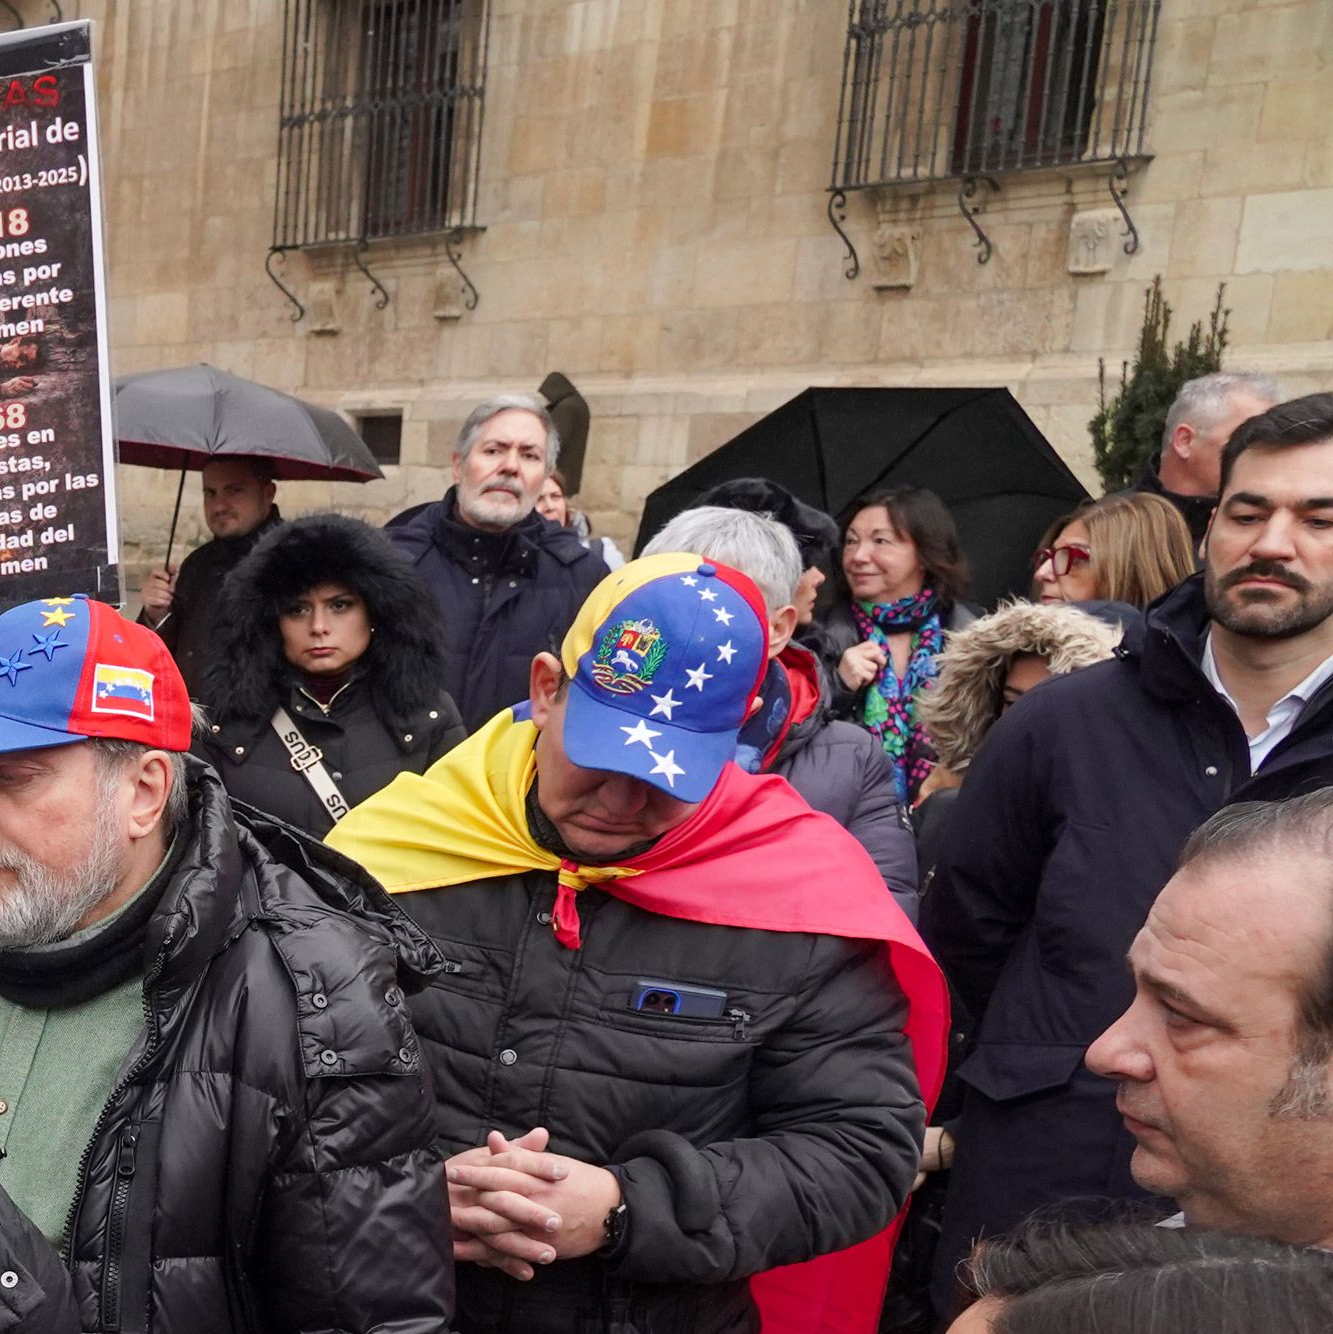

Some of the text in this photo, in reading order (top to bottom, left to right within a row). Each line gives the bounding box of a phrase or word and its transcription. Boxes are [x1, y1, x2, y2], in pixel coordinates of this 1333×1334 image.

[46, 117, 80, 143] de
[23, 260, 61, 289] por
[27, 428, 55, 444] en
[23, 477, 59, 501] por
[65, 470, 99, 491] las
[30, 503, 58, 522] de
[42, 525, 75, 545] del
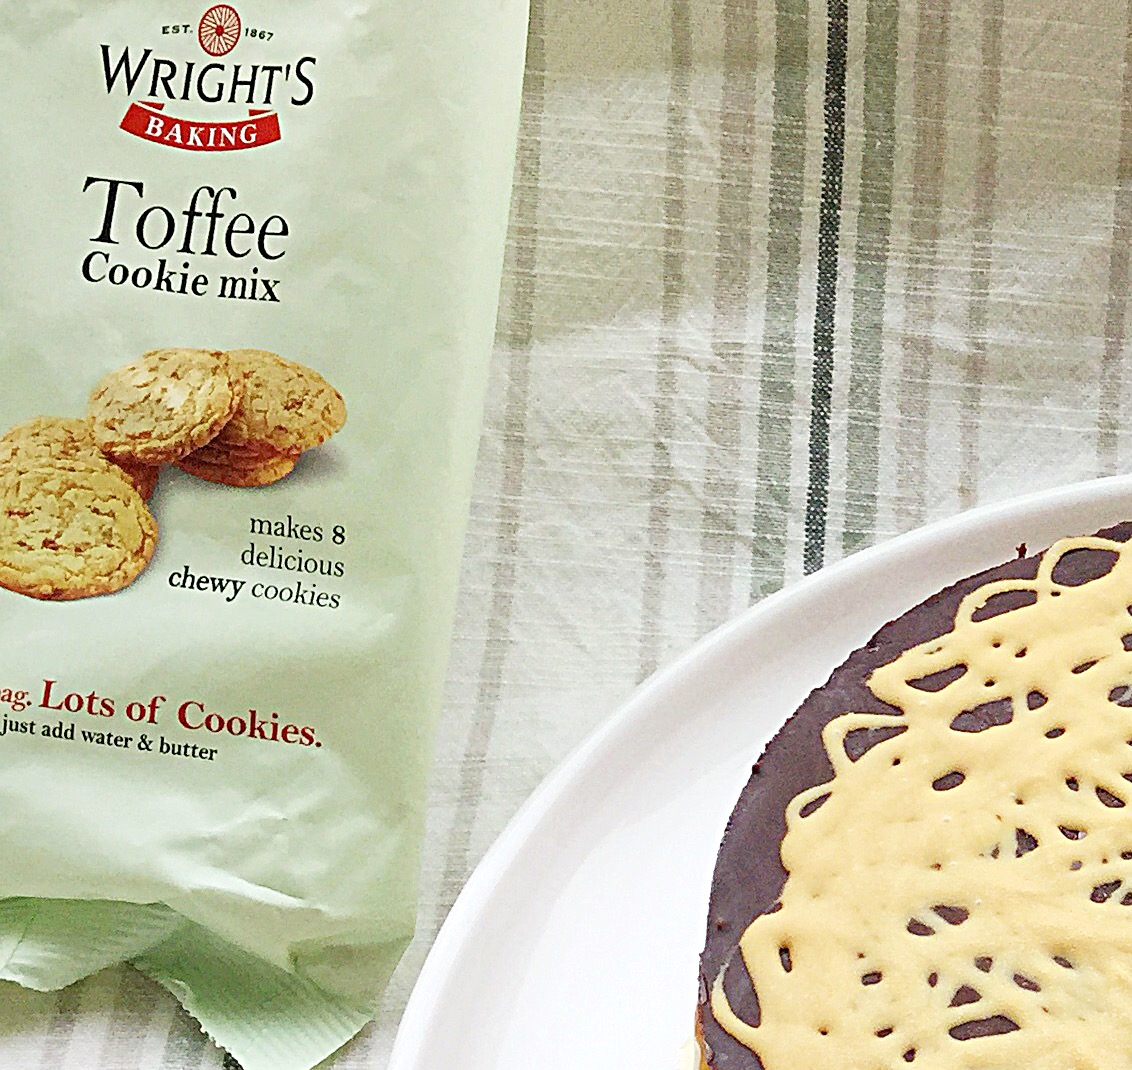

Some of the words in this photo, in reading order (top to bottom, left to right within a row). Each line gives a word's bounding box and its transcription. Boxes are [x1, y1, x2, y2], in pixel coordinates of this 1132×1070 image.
------------------------------------
- _Directions for this task_:
The task calls for all records to be set down precisely, excluding any images.

- _Task result_:
Some of the text in this photo, in reading order (top to bottom, left to right within a row). Each line gives the bounding box of a phrase or word and its transcription. Boxes are [x1, y1, x2, y2], in pixel coordinates of this 1333×1334 image.

[46, 117, 80, 143] de
[23, 260, 61, 289] por
[27, 428, 55, 444] en
[23, 477, 59, 501] por
[65, 470, 99, 491] las
[30, 503, 58, 522] de
[42, 525, 75, 545] del

Some of the words in this photo, in reading order (top to bottom, left to right within a row). Each line gives a word's bounding box and its transcription. Boxes are [x1, y1, x2, y2], in pixel coordinates of this 1132×1070 image.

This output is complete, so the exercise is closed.